After Sixteen months of war in the Pacific, an operational casualty in Saipan necessitated HALFORD's return to the Navy Yard at Mare Island, California. (Franks comments here: "Actually we were under attack by Jap bombers and were ordered out of the anchorage while we all made smoke. The "operational casualty" occured when our radar failed to pick up a high octane fuel tanker that droped anchor right in the channel when we were all under attack. We fortunately rammed the ship in the crew's quarters, otherwise we both would have been blown sky high. I believe two crewman of the tanker lost their lives. Our bow rolled up like a rug against the forward 5 inch gun mount. We shored up in the mess hall to prevent sinking and backed up till the next day until we could weld on plates to hold the bow together." Two months later, on 26 May 1945, the ship was back in the Pacific, proceeding to the Marshall Islands via Pearl Harbor, to escort troop transports from Eniwetok Island to Ulithi, Caroline Islands.
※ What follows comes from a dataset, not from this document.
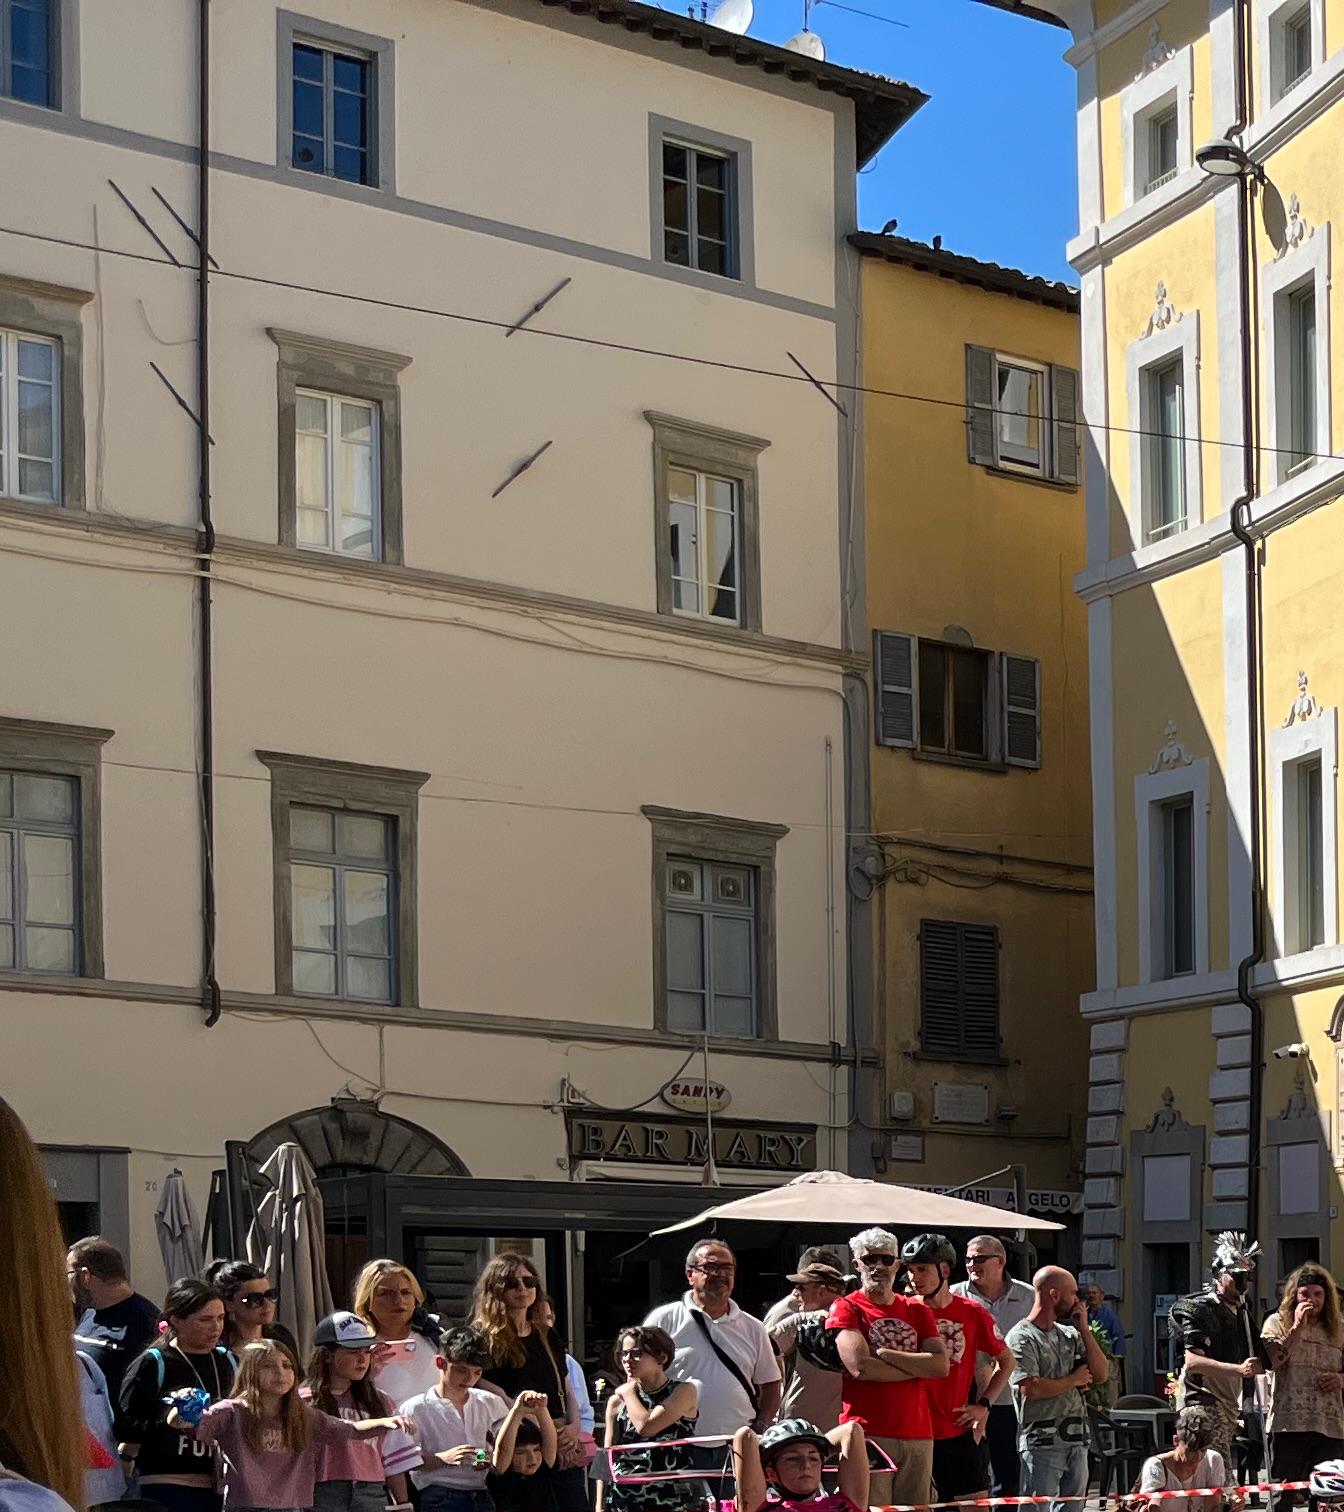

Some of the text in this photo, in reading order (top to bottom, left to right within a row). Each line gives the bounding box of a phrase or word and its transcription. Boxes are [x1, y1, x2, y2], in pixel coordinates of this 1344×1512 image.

In the early part of August, HALFORD received orders which took her, together with a number of other destroyers and escort carriers to Adak, Alaska as part of the North Pacific Fleet. While enrouto from Eniwetok to the Aleutian destination, the long-awaited news of V-J Day was announced.

On 31 August, HALFORD, with a task force composed of lighy carriers, cruisers, and destroyers, steamed from Ominato., Northern Honshu., Japan, Under the command of Admiral F.J. Fletcher, this force effected the initial occupation of the Ominato Naval Base and surrounding areas.

Upon completion of this assignment, HALFORD, in company with the remaining four destroyers of Destroyer Division 89, plus the flag ship PANAMINT, returned to Adak, Kodiak, and on to Juneau, Alaska by 27 October 1945.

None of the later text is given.